The Catholic Church has a long tradition of recognizing as saints people whose lives were outstanding examples of faith in practice. The process of determining sainthood proceeds in three phases, during which the church makes a thorough investigation of the person, her life and the miracles attributed to her intercession. The cause is directed by vice postulators, who collect and present information on behalf of the saint-to-be to the postulator in Rome.
Kateri Tekakwitha’s cause for canonization was accepted by the Congregation of Rites in 1939. On Jan. 3, 1943, Pope Pius XII declared the young woman’s virtues heroic and bestowed on her the title Venerable. On June 22, 1980, Pope John Paul II declared Kateri Tekakwitha Blessed. And on Dec. 19, 2011, Pope Benedict XVI signed a decree recognizing the final miracle needed to canonize Bl. Kateri Tekakwitha: Because of her intercession, young Jake Finkbonner of Washington miraculously recovered from a fatal skin infection.
In the U.S., Bl. Kateri Tekakwitha’s cause was most recently advanced by Vice Postulator Msgr.
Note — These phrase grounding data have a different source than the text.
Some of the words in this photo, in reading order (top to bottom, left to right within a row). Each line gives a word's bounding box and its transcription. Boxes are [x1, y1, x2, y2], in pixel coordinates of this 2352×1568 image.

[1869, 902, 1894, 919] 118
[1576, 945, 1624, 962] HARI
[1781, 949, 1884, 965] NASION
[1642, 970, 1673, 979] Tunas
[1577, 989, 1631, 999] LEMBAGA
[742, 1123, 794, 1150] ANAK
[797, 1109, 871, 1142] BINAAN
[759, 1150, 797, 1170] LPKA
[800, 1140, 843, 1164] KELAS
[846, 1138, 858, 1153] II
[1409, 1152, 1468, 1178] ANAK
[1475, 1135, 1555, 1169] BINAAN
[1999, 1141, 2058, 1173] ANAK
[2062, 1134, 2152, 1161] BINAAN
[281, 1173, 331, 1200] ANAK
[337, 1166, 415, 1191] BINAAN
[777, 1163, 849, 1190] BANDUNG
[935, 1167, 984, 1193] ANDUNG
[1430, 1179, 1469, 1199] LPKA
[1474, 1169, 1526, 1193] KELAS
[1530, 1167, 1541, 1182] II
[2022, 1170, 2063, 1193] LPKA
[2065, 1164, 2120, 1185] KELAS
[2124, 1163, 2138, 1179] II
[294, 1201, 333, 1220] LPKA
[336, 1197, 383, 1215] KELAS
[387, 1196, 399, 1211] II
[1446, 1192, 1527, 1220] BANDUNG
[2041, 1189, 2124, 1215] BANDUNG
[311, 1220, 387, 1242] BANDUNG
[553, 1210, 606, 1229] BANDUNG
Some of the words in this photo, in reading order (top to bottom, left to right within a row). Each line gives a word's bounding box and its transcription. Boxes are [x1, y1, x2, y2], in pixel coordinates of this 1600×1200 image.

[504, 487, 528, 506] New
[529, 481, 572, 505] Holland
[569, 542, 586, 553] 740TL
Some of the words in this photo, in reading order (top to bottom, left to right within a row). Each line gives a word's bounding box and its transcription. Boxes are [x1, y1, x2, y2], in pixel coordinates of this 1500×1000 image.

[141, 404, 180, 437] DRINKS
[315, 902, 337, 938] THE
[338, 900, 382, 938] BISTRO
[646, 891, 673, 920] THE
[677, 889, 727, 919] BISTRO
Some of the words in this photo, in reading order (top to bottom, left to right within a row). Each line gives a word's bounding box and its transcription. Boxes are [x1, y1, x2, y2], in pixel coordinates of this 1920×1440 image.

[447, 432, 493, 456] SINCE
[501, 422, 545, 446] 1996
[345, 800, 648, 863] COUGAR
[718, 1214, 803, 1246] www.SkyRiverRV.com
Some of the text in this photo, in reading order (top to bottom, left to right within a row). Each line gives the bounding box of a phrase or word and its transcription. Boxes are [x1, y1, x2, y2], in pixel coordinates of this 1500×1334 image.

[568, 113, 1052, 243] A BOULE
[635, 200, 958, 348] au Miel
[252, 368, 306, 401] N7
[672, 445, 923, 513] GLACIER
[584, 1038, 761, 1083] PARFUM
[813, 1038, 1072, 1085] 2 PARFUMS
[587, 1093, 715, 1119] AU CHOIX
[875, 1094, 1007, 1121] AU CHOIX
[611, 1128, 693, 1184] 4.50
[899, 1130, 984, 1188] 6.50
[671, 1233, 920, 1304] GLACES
Paul Lenz of the Bureau of Catholic Indian Missions in Washington, D.C. Father Wayne Paysse, executive director of the Bureau, said that receiving the news of Bl. Kateri Tekakwitha’s sainthood was “one of the most exciting moments in the history of the Bureau.”
“When we heard the news, we were both filled with such emotion,” Father Paysse said of himself and Msgr. Lenz. “It is just so wonderful. Her canonization not only recognizes her holiness and witness to Christ, but also the great contribution of Native American people in the U.S. to the Church. This is a real gift.”
Portions of this article appeared in a previous issue of the Sun.